Though a bit uneven (the movie does play like one of those B-flicks from the ‘70s and ‘80s where American leads starred in internationally-produced genre affairs), “Daybreakers” is satisfyingly old-school, for lack of a better term. The film offers a pleasing mix of action and horror with gore that’s gross but not over-the-top (at least not until its blood-soaked finale), along with an interesting concept. Not all of it pays off, the social commentary doesn’t work and the movie’s modest budget plays at odds with some of its grander concepts, but for horror aficionados worn out by endless remakes and sadistic violence, it’s engaging enough to come recommended.

Special kudos also go out to Christopher Gordon’s tremendous orchestral score. Big, stirring, mysterious, yet occasionally moving and just beautifully summed up in a long, flowing end credits piece, this is unquestionably one of the finest film scores I’ve heard in a long, long time, and a tribute to Gordon that it feels like a score from another era entirely.

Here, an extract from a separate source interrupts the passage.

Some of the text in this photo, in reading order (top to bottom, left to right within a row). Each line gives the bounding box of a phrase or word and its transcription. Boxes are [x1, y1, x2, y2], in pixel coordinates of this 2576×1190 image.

Lionsgate’s Blu-Ray edition of “Daybreakers” arrives in-stores next week, sporting a crisp AVC-encoded 1080p transfer and nicely-layered DTS Master Audio soundtrack. Extras are a bit slender, comprised of commentary, a Making Of, a Spierig Bros. short entitled “The Big Picture,” posters and trailers, plus a digital copy for portable media players.

DIRTY DANCING: Limited Keepsake Edition Blu-Ray (***½, 1987, 105 mins., PG-13, Lionsgate): Lionsgate’s second Blu-Ray release of the 1987 classic “Dirty Dancing” isn’t, thankfully, just another re-issue of the prior release in more elaborate packaging.

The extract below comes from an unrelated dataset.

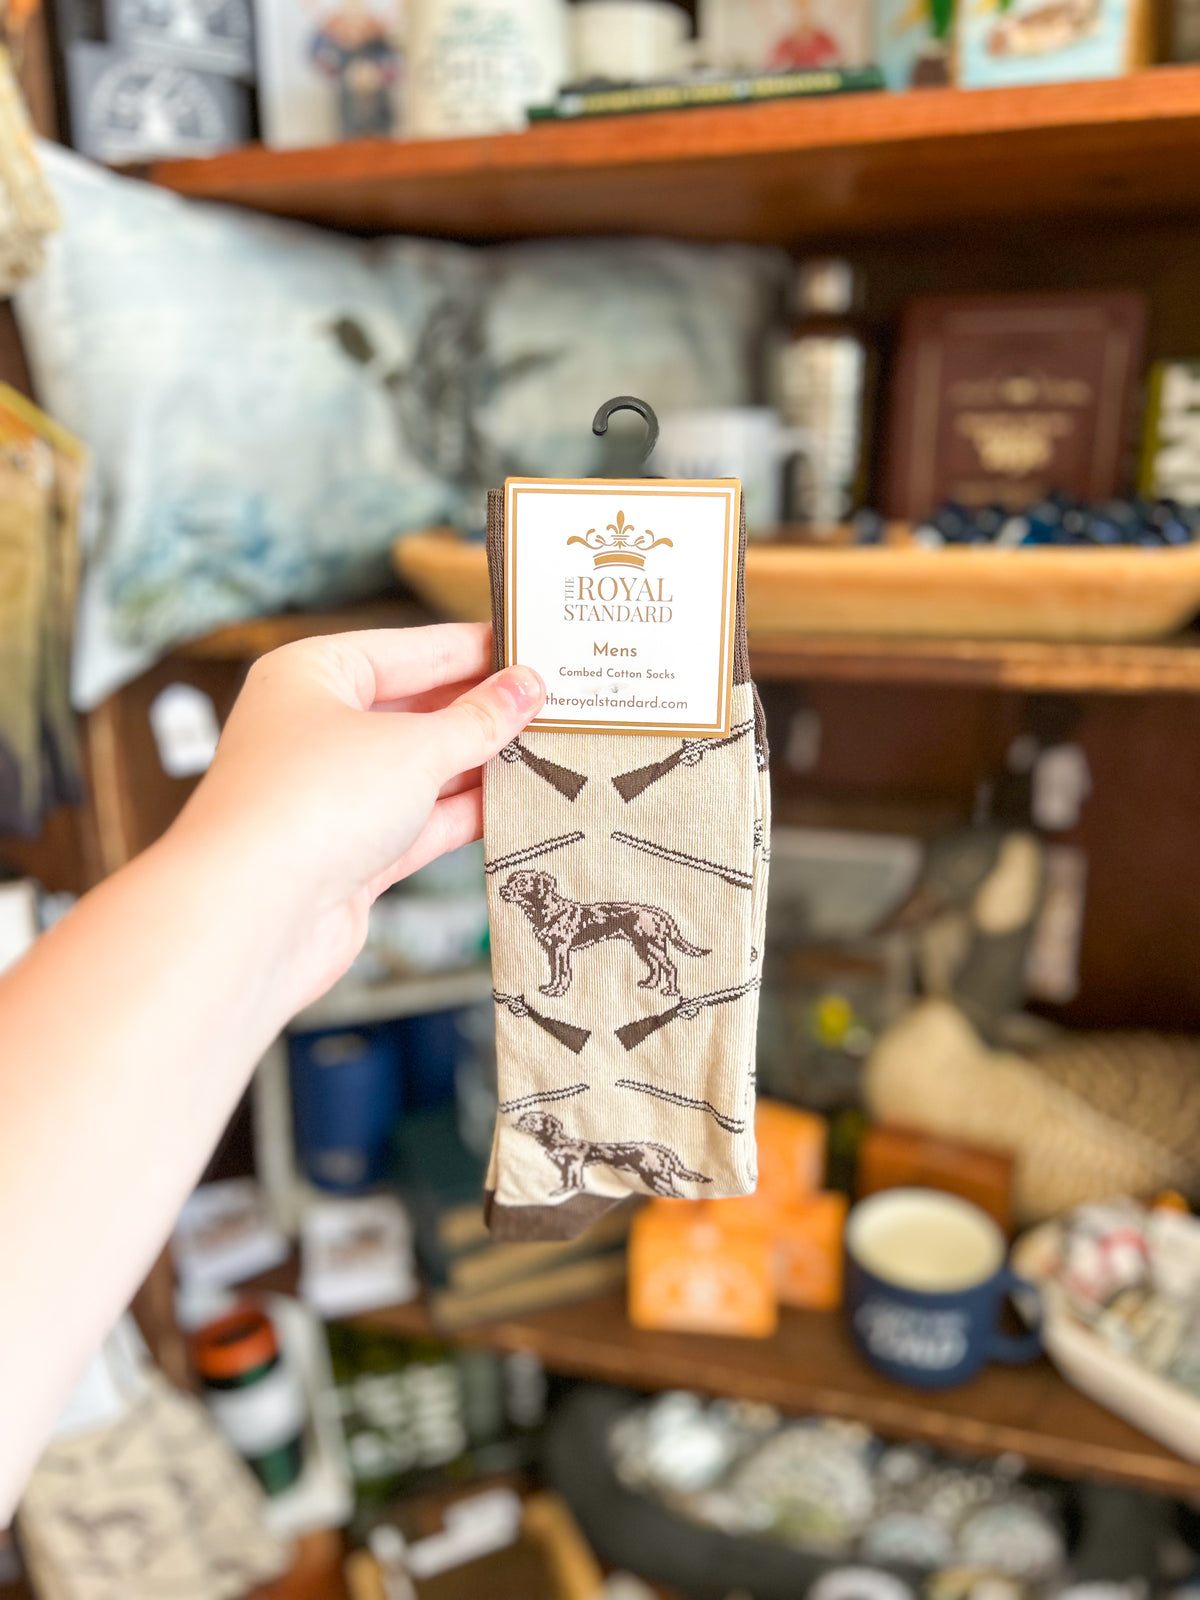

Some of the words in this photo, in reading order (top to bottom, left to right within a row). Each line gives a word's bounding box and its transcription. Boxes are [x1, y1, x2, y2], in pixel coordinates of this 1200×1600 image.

In fact, fans of the Patrick Swayze-Jennifer Grey box-office smash have good reason to upgrade for the disc’s remastered picture and sound alone. An appreciable improvement on the 2007 Blu-Ray, Lionsgate’s new AVC encode has been remastered and is freed from the heavy noise-reduction and “jaggies” that plagued its earlier release. All-new 7.1 DTS Master Audio sound, meanwhile, compliments the superior transfer, while an abundance of extras, both new and re-issued from prior editions, is on-hand in addition to a digital copy disc.

Among the new inclusions is a tribute to Swayze, a trip back to the Virginia locations used in the film, a never-before seen photo gallery and fan reel. Carried over from prior releases, meanwhile, are deleted, extended and alternate scenes; cast audition footage; a pop-up trivia track; two commentaries (one from writer Eleanor Bergstein, another with various crew members); vintage music videos; outtakes; the trailer in HD; plus the kitschy ‘Dirty Dancing in Concert” special, which was left off the first Blu-Ray disc. The package also offers a hardbound book and a coupon for $50 off at the Virginia hotel where the movie was shot.

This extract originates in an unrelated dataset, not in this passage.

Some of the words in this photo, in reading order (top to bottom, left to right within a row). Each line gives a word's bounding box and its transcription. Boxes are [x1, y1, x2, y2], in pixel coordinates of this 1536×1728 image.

Though a bit pricier than the previous release, the new picture and sound is a major enhancement on the earlier Blu-ray and is well worth the expense for fans.

TETRO Blu-Ray and DVD (***, 127 mins., 2009, R; Lionsgate): It takes just a few seconds for you to realize how gorgeous Francis Ford Coppola’s latest offbeat filmmaking experiment is. The stark, high-contrast black-and-white cinematography (with only flashbacks in color) looks dreamy and so alive in high-definition that the first thing I thought of was my initial viewing of “Rumble Fish,” Coppola’s problematic but visually arresting S.E. Hinton adaptation.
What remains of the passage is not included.